The dealership has grown its training program from four coaches and about 435 enrollments a year to 15 coaches and 1,200 students. Of the students coached in 2021, 997 of them passed and were able to get their motorcycle endorsement.

“It doesn’t take a lot of money,” said Morris, “but it does take a lot of time. I’ve got a lot of time invested in this deal.” He’s always on the lookout for qualified coaches and says that the lack of good coaches is a nationwide problem. Morris has to keep up with the changing laws, keep coaches informed and engaged, manage updates with the Motorcycle Safety Federation (MSF) as well as Harley-Davidson, and the state government.

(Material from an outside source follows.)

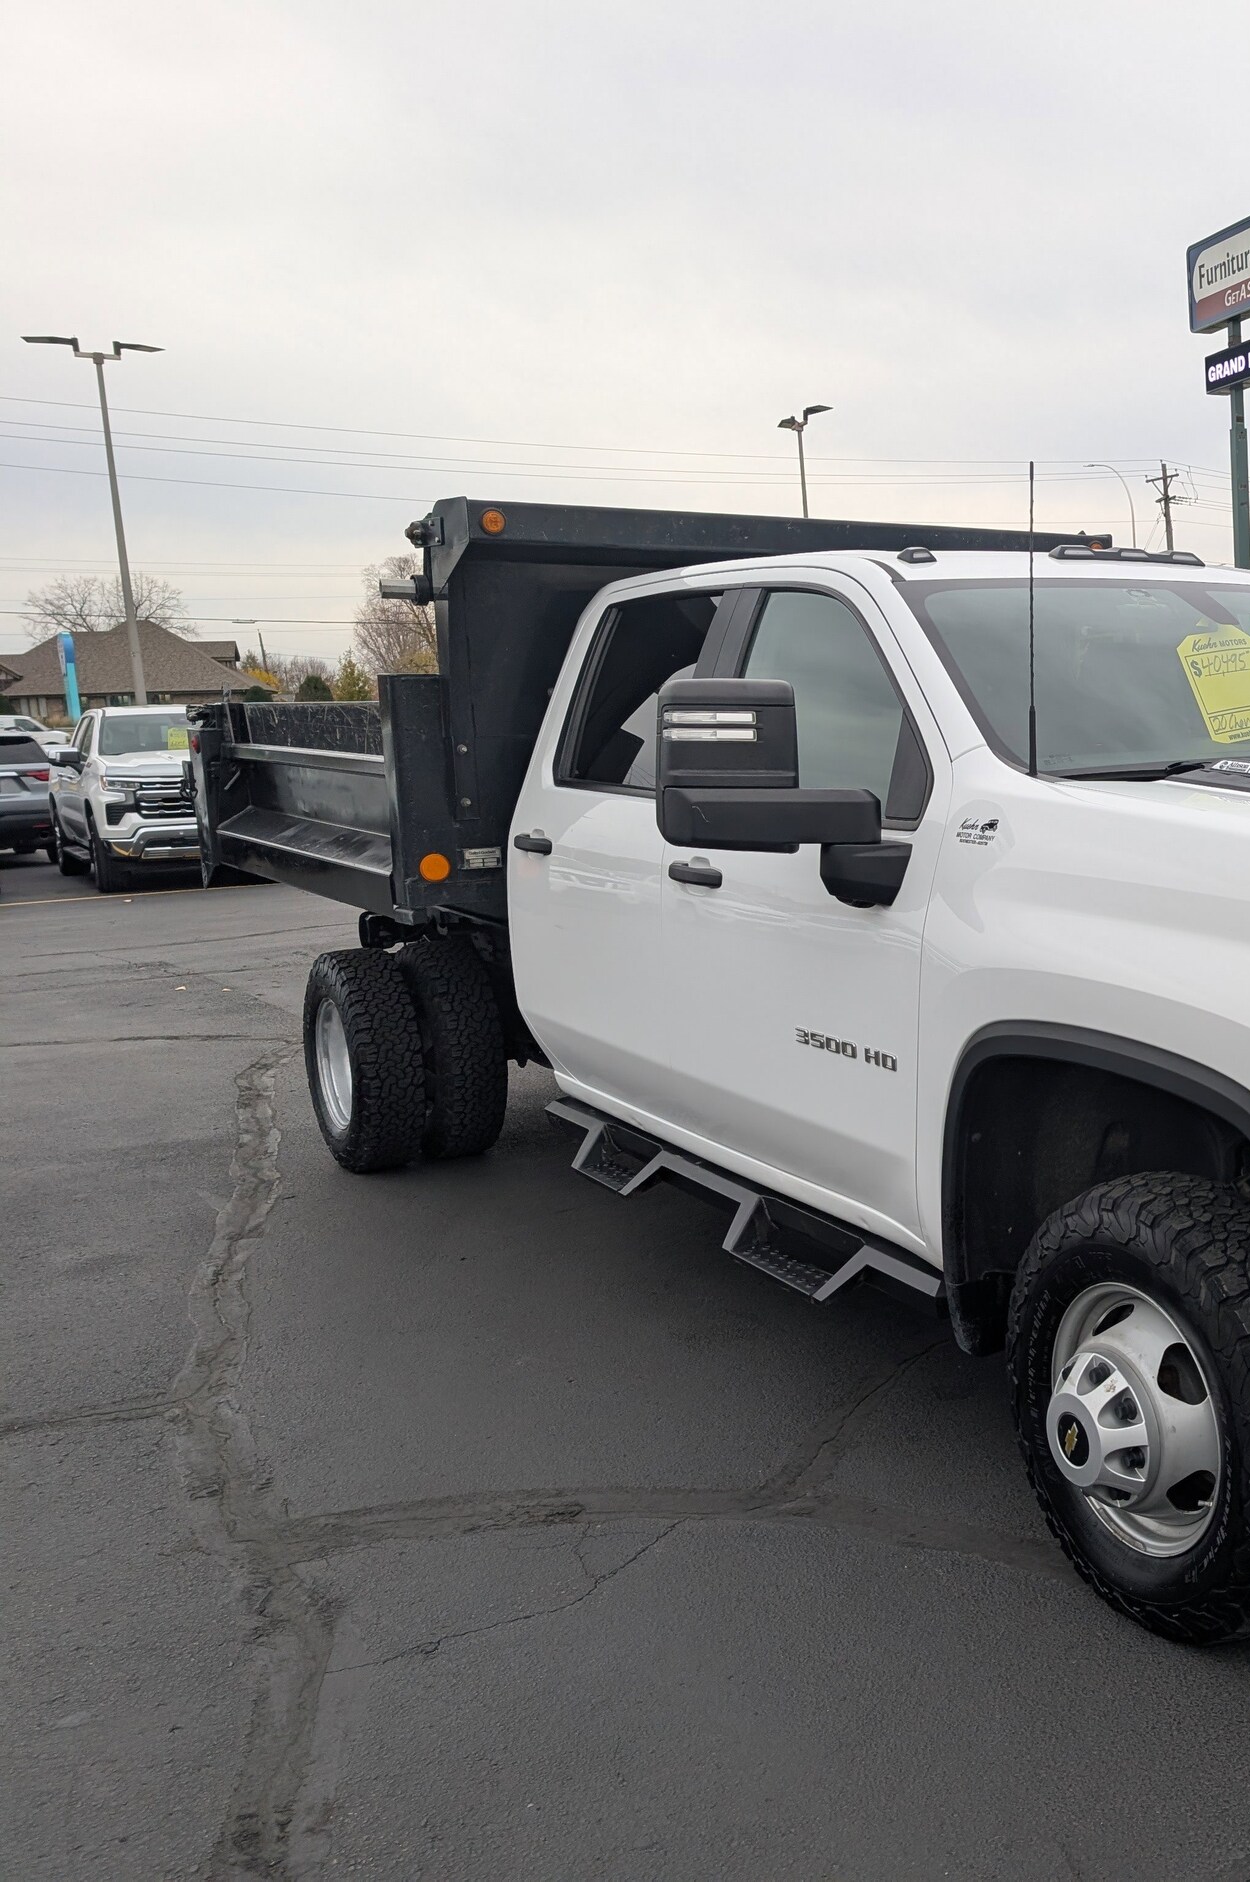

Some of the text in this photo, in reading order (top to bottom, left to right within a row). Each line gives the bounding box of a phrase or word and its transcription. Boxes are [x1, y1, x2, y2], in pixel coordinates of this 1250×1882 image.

“A problem we have here in Houston,” said Morris, “is we’re the fourth largest city in the country and the biggest city in Texas. Yet we have the lowest number of training centers in Texas.” People have had difficulty opening more training centers in Houston because there aren’t enough coaches, according to Morris. He said states need to focus on getting more riders to become coaches. It’s not unique to Texas.

The dealership’s primary goal is to increase the number of safe riders on the road. And the owner of the dealership gave Morris a goal to nearly triple the number of students. He started by hiring two or three new coaches a year, about as many as he could find.

When Morris saw statistics showing motorcycle accidents and fatalities, he noticed how many people were riding with no training.

“I saw how big of a need there was for these programs,” he said. “I’ve gotten pretty heavily involved, raising hell with the state of Texas, trying to put on more coach classes, trying to attract coaches into it so every training facility in Texas can start training more riders.”

“Nobody’s really in it for the money,” said Morris. “Everybody involved wants to produce as many safe new riders on the road as we can. I’m really proud of my guys. They do the hard work on the range and in the classroom.”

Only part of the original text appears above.